As a multifactorial disease, ALS is largely characterized by an oligogenic etiology also in familial cases where double mutations in ALS/FTD causative genes have been reported (Citation15–18). In our NGS-based mutational analysis of a wide array of genes implicated not only in ALS and FTD, but also in PD and AD, we identified two rare variants in heterozygous state in ATP13A2 and EIF4G1 genes. Of interest, the father carried both these variants, while the FTD daughter shared only the ATP13A2 one. Homozygous and compound heterozygous mutations in the ATP13A2 gene were shown to cause a rare, atypical form of recessive juvenile parkinsonism with dementia, known as Kufor–Rakeb syndrome (Citation32). ATP13A2 is a lysosomal protein found in Lewy bodies, whose loss-of-function leads to a-synuclein accumulation (Citation33). Single rare ATP13A2 variants were also associated to sporadic PD patients (Citation34,Citation35) who showed a decreased expression of ATP13A2 gene in dopaminergic neurons of the substantia nigra (Citation36). In contrast to the ATP13A2 p.Ile946Phe variant we identified, predicted to be tolerated and previously described also in a healthy control (Citation35), the novel EIF4G1 p.Ala13Pro variant in the father was predicted to be deleterious by in silico analyses. Although variants in EIF4G1 gene were initially identified in familial and sporadic PD (Citation37,Citation38), their association to PD is now disputed (Citation39). Therefore we can only speculate that the presence the two rare variants in ATP13A2 and EIF4G1 genes may confer a higher risk to the father to develop PD. Given that the ALS-affected sister did not carry any rare variant in the selected genes, we can exclude their contribution in influencing disease presentation within the family. However, our targeted NGS approach, although quite extended to comprehend 48 genes, may miss rare variants in still unknown genes for ALS/FTD and other neurodegenerative disorders. Only whole-exome or whole-genome sequencing will allow to definitely clarify whether additional genetic variants may act as disease modifiers in this C9orf72 family.

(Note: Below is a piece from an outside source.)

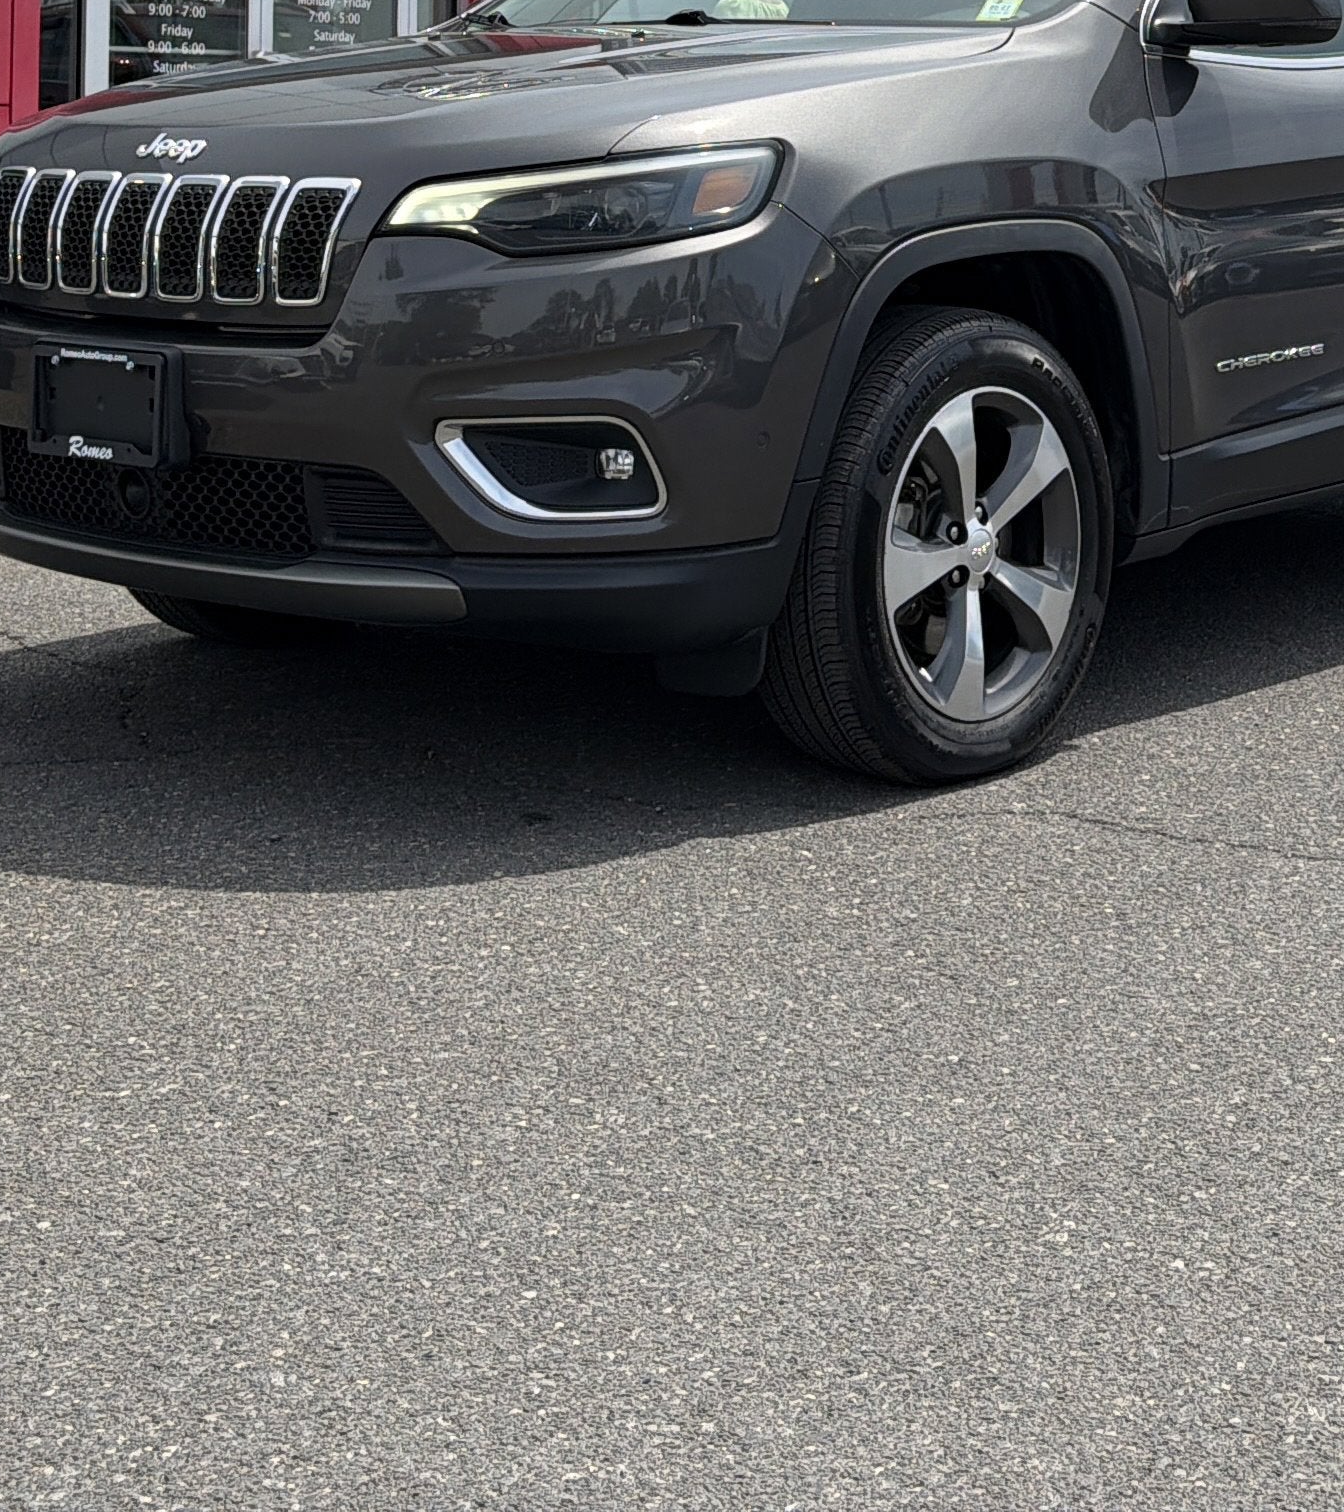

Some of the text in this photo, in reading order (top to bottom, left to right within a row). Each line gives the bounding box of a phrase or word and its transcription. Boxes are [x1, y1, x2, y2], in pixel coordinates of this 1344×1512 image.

Finally, as a possible epigenetic disease modifier, we studied the methylation state of C9orf72 gene promoter whose hypermethylation occurs in about 30% of C9orf72 ALS and FTD carriers and acts as a potential neuropotective factor, being associated to decreased C9orf72 gene expression, DPR synthesis and cerebral atrophy (Citation23–25). Although C9orf72 promoter was unmethylated in all three family members, ruling out an association with this epigenetic modification, methylation is tissue-specific so that we can not completely exclude a different methylation pattern in the affected brains compared to the blood genomic DNA analyzed.

In conclusion, by investigating the possible role of different disease modifiers within a C9orf72 family, our study failed to find a clear association between disease presentation and HRE length, oligogenic inheritance or promoter methylation, suggesting that the high phenotypic variability of the mutation carriers likely relies on a more complex interplay of still unknown genetic factors, possibly including the wild-type allele repeat size, undefined environmental risk factors and other epigenetic modifications.

Declaration of interest

V.S. is in the Editorial Advisory Board of Amyotrophic Lateral Sclerosis and Frontotemporal Degeneration. All the other Authors report no conflicts of interest.

Additional information

Funding

This work was financially supported by the Italian Ministry of Health [Grant RF-2013-02355764] and the E-Rare-3 JTC 2018 Programme (Grant Repetomics).